Para aparecer, um escritor se vale de um mal resolvido caso de amor com uma atriz inacessível
De todos os filmes de Jean Seberg, a lembrança mais forte é dela como a garota americana em "Acossado": o cabelo curtinho, a camiseta de listras horizontais, os óculos escuros.
Esteve antes na pele de Joana D'Arc, dirigida por Otto Preminger. Em meados dos anos 70 estrelava obras decadentes e conservava certo viço no rosto, mas os olhos eram os mesmos -impenetráveis.
Ficou, no entanto, a lembrança da menina com o "Herald Tribune" na mão. Talvez também por "Acossado" ser de Jean-Luc Godard -houve uma época em que ver Godard, discutir Godard e incensar Godard era obrigação semanal, era a vida.
A notícia da triste morte de Jean Seberg, aos 40 anos, veio em setembro de 1979. O corpo foi encontrado em seu carro numa rua de Paris, apodrecido após duas semanas de decomposição. Suicidou-se com barbitúricos, depois de muitos regimes, droga, álcool, depois de uma vida na qual, tudo indica, faltou-lhe exatamente quem soubesse amá-la.
Isso vem a propósito de um livro hipócritra lançado ano passado por um escritor oportunista do México e traduzido agora no Brasil: "Diana", de Carlos Fuentes (Rocco, R$ 15).
A hipocrisia: Fuentes, que teve um caso com Seberg no começo dos anos 70, conta a história, mas não tem coragem de nomeá-la. Chama-a de Diana Soren, a "caçadora solitária". Usa recurso gasto por vários escritores e levado ao auge nos anos 50 por Simone de Beauvoir, com "Os Mandarins": falar de gente famosa trocando o nome.
Ao esconder do leitor o nome daquela que seus amigos sabem quem é, Fuentes tenta livrar sua consciência de falso cavalheiro.
O oportunismo: Fuentes é um autor de relativo sucesso. Conquistou leitores no rastro dos grandes escritores latino-americanos, principalmente com "A morte de Artemio Cruz" (1962). Agora, para vender mais livros, se vale de um mal resolvido caso de amor com uma das mais inacessíveis personalidades do cinema. Porque o livro não existe se não se falar em Jean Seberg e ninguém que escreveu sobre a obra deixou de esclarecer quem é Diana. Pois é a lembrança, a aura dessa atriz atordoada que empresta curiosidade e sucesso a este livro de Fuentes.

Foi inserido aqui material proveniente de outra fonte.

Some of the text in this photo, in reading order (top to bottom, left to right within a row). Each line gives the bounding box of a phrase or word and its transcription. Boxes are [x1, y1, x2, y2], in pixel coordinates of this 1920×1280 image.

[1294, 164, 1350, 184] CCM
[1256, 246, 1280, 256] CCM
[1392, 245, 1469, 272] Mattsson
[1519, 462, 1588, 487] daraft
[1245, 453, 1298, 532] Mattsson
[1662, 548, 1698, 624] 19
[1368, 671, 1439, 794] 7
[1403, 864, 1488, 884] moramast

Toda a impossibildade desse amor está presente. Aparece principalmente na idéia de Fuentes de que Seberg seria uma mulher difícil de se amar. Coisa não só dele, mas também de outro homem com o qual Seberg conviveu, o escritor Roman Gary (nomeado Ivan Gravet no livro). Quando se encontraram, Gary confessou a Fuentes:
-Você não conheceu a dificuldade de amar uma mulher a quem não pode nem ajudar, nem mudar, nem deixar.

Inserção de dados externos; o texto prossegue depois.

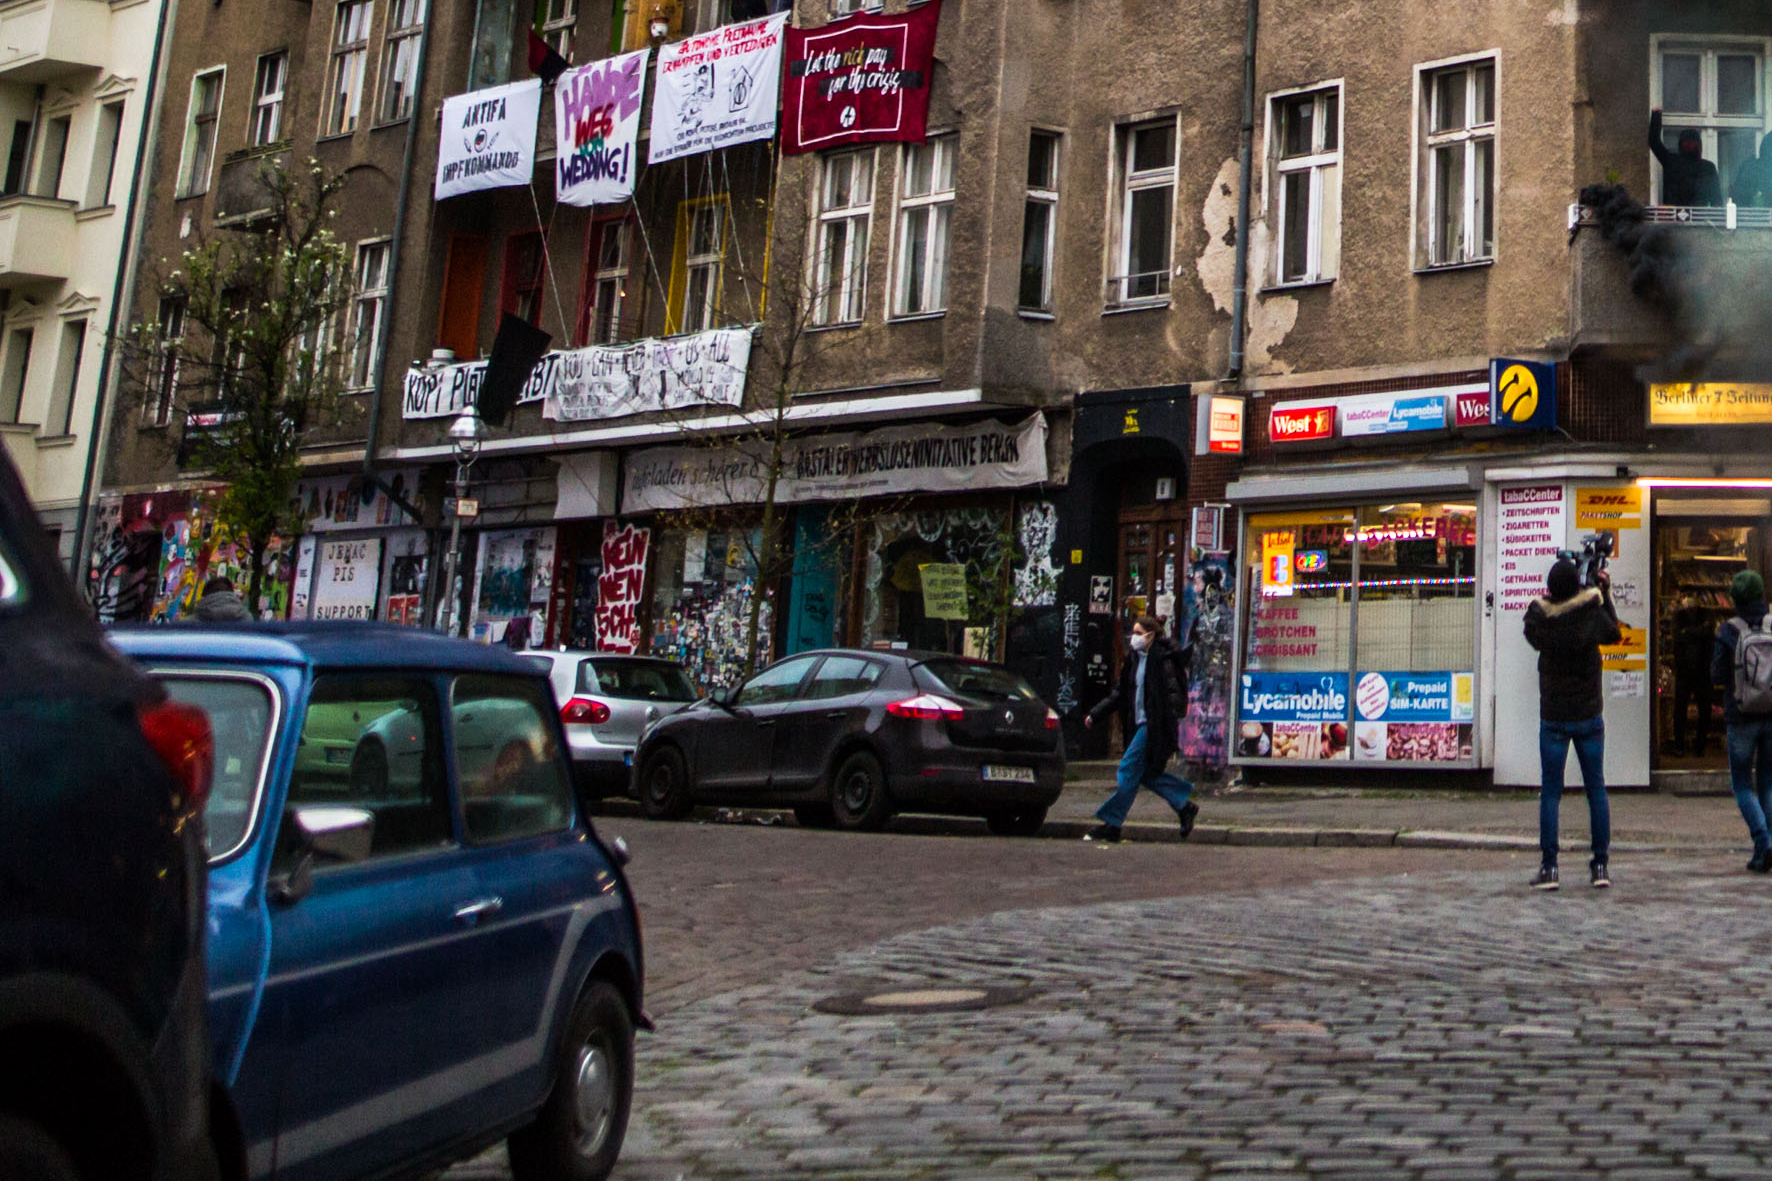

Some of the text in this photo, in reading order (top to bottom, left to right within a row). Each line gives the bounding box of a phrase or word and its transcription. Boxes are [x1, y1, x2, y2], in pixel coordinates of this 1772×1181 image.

[805, 41, 888, 76] Let the rich pay
[827, 76, 847, 101] for
[867, 67, 900, 95] crisis
[562, 53, 641, 140] HÄNDE
[575, 103, 615, 148] WEG
[560, 141, 630, 190] WEDDING!
[1655, 389, 1711, 406] Berliner
[1393, 403, 1443, 419] Lycamobile
[1459, 399, 1489, 419] Wes
[1274, 416, 1311, 435] West
[1504, 490, 1560, 502] tabaCCenter
[1589, 496, 1628, 505] DHL
[1506, 507, 1560, 517] ZEITSCHRIFTEN
[1506, 521, 1549, 531] ZIGARETTEN
[1505, 549, 1533, 557] PACKET
[1505, 562, 1516, 570] EIS
[333, 567, 355, 582] PIS
[1505, 574, 1542, 583] GETRÄNKE
[1504, 587, 1551, 598] SPIRITUOSE
[316, 605, 371, 619] SUPPORT
[1257, 608, 1299, 620] KAFFEE
[1257, 625, 1316, 638] BRÖTCHEN
[1256, 643, 1317, 657] CROISSANT
[1407, 681, 1447, 695] Prepaid
[1243, 687, 1345, 715] Lycamobile
[1389, 697, 1449, 710] SIM-KARTE
[1296, 711, 1322, 721] Prepaid

Isso era Jean Seberg. Claro, cabeça de difícil compreensão para a mentalidade machista e preguiçosa.
Fuentes deseja a fêmea tipo normal. Veja como define uma de suas esposas, esta pós-Seberg:
-Moça saudável, moderna, ativa, belíssima e independente.

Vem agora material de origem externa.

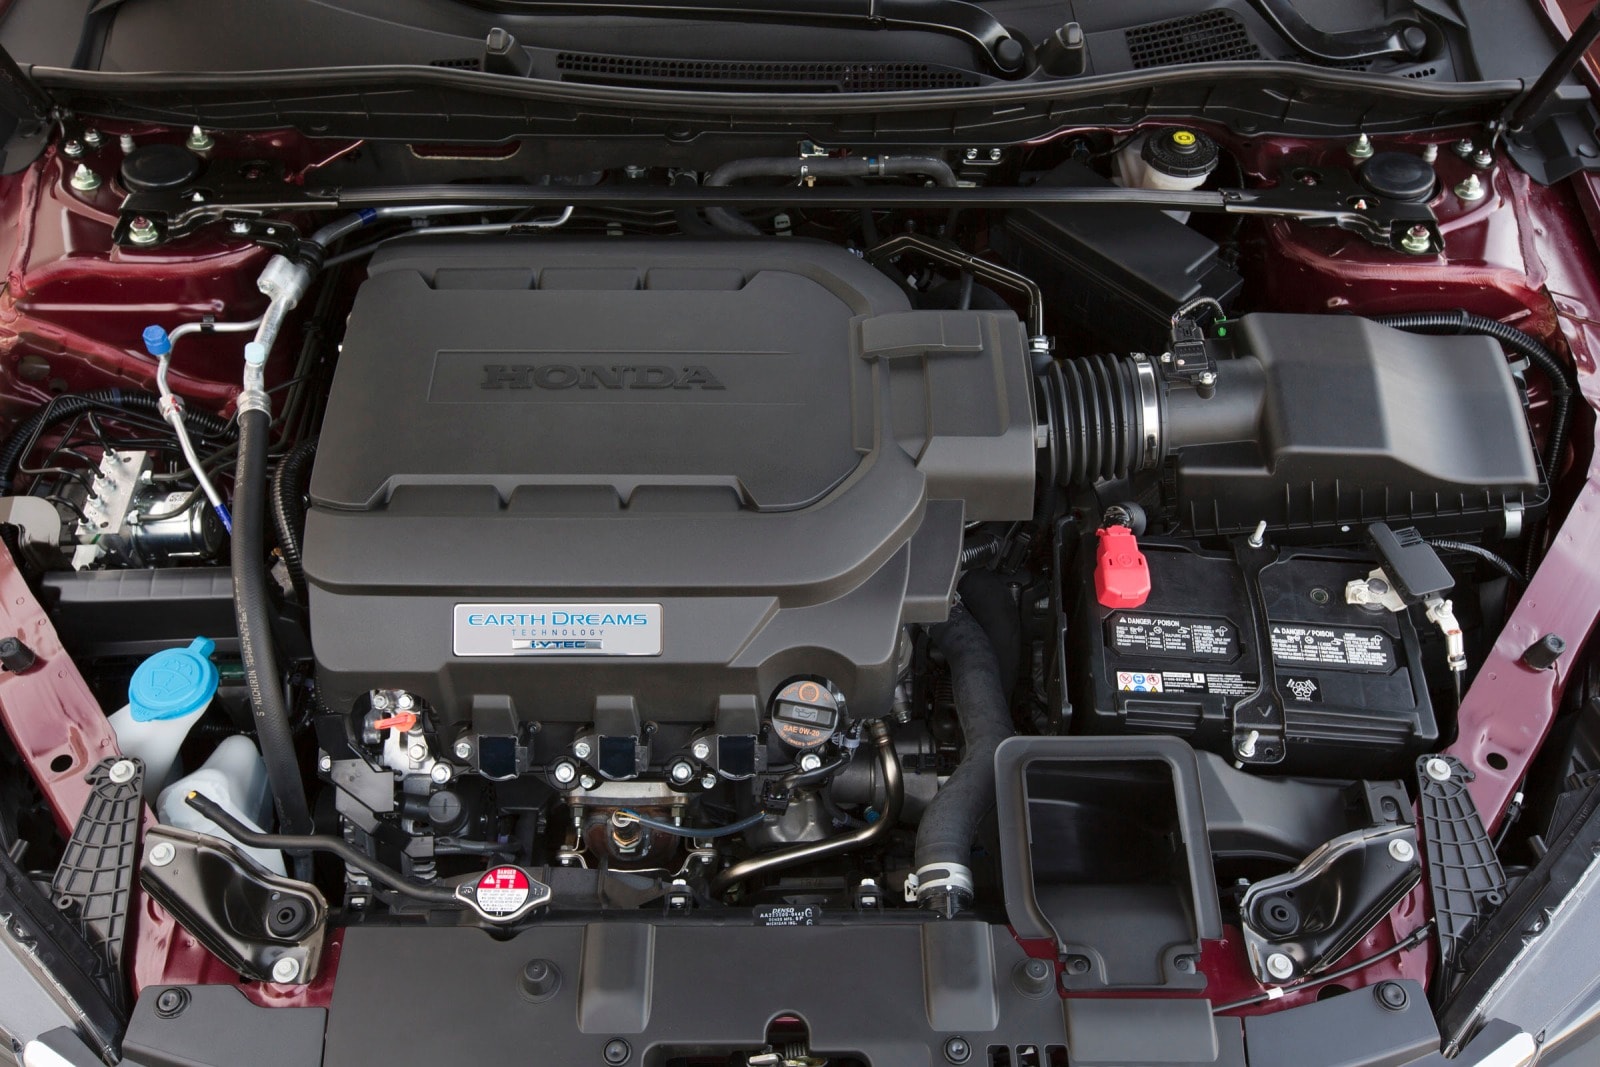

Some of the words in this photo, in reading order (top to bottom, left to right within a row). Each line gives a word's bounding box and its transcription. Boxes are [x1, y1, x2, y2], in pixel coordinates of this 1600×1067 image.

[481, 364, 726, 390] HONDA
[468, 614, 545, 625] EARTH
[552, 611, 647, 625] DREAMS
[1127, 617, 1152, 626] DANGER
[1158, 619, 1180, 627] POISON
[1281, 628, 1305, 636] DANGER
[783, 724, 799, 734] SAE
[799, 727, 820, 738] 0W-20
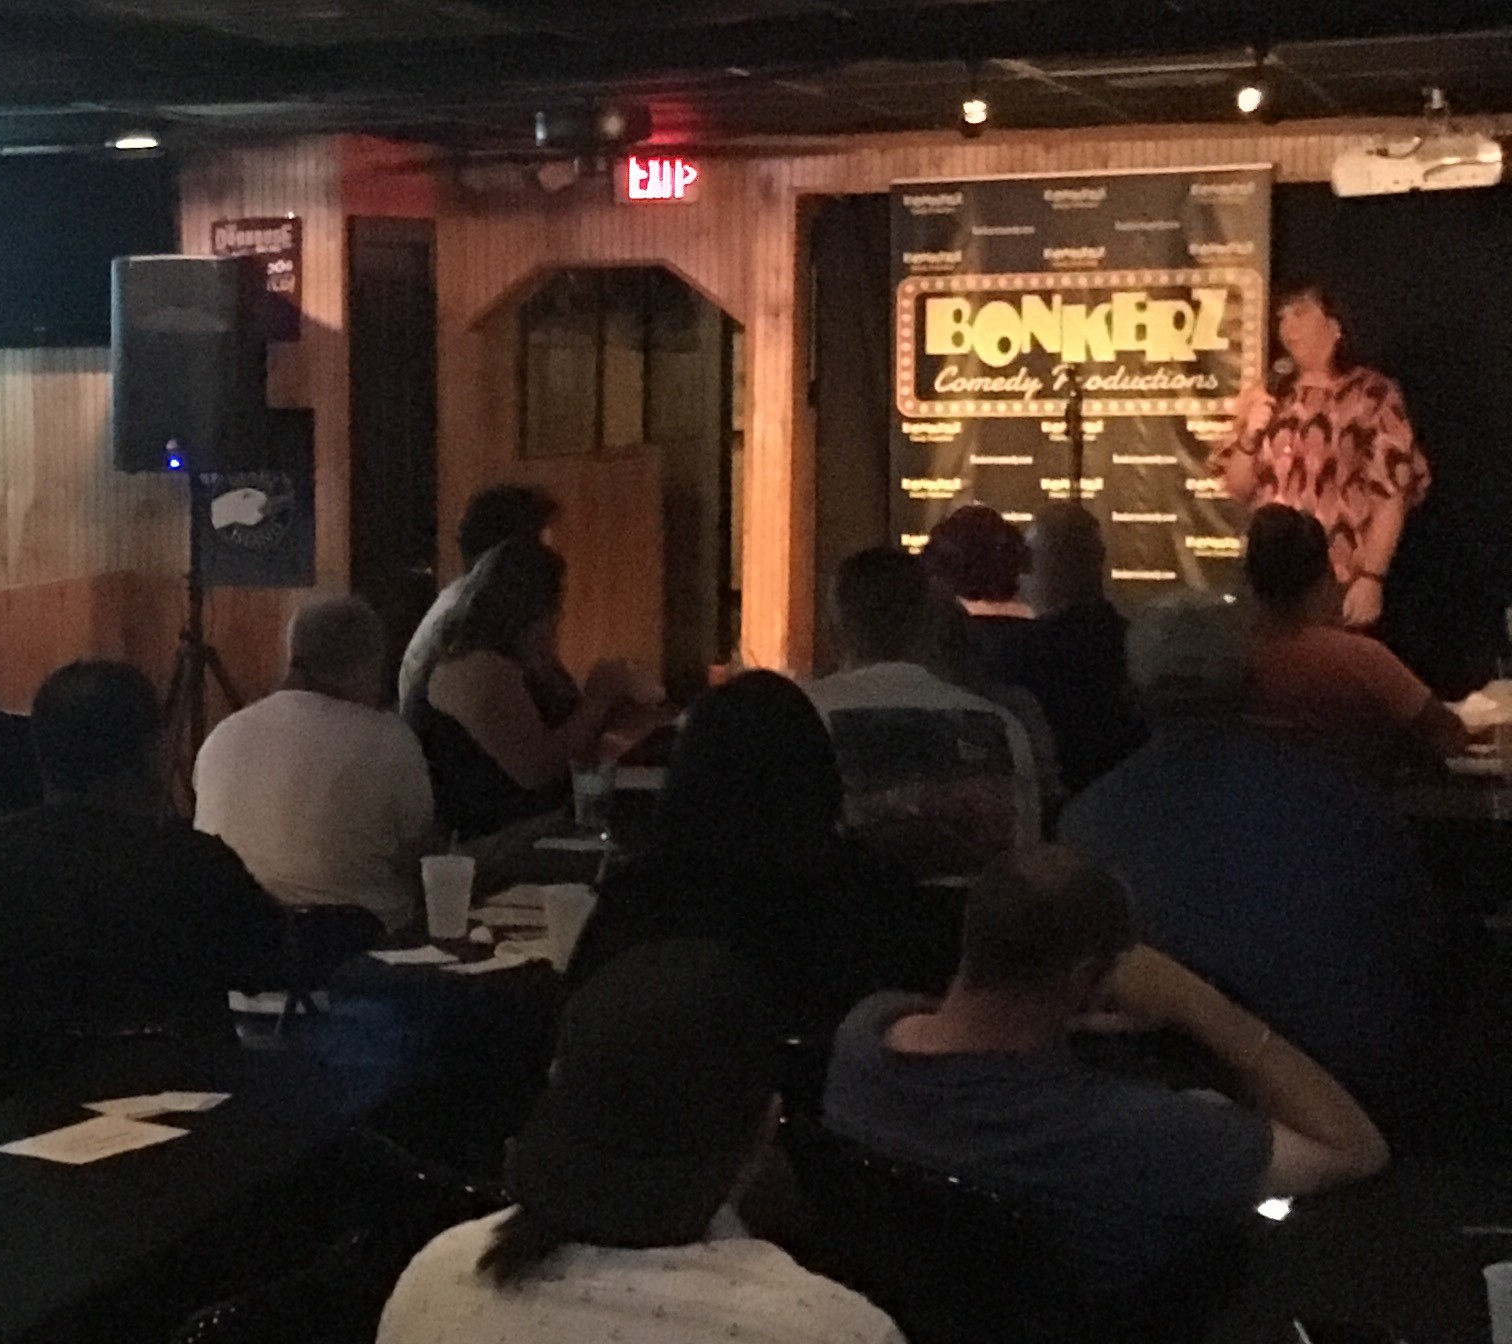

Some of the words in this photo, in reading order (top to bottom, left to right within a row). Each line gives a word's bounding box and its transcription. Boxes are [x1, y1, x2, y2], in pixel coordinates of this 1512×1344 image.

[925, 288, 1229, 368] BONKERZ
[934, 365, 1042, 399] Comedy
[1051, 364, 1219, 391] Poductions

Com Seberg, que o acusava de ter pouca imaginação, apesar dos sessenta e nove suntuosos, dos banhos de champanhe e múltiplos orgasmos, o ápice da impossibilidade amorosa veio na forma de uma frase capital:
-O senhor já teve duas semanas de prazer. Quando pensa em dá-lo para mim?
Teve razão Seberg ao trocar Fuentes por um estudante, "revolucionário de verdade", conforme disse. Sobre Fuentes ela foi definitiva:
-Você escreve, mas não faz. É como os liberais ianques.

Ilustração: Jean Seberg em fotograma de "Acossado", filme de Jean-Luc Godard (1959)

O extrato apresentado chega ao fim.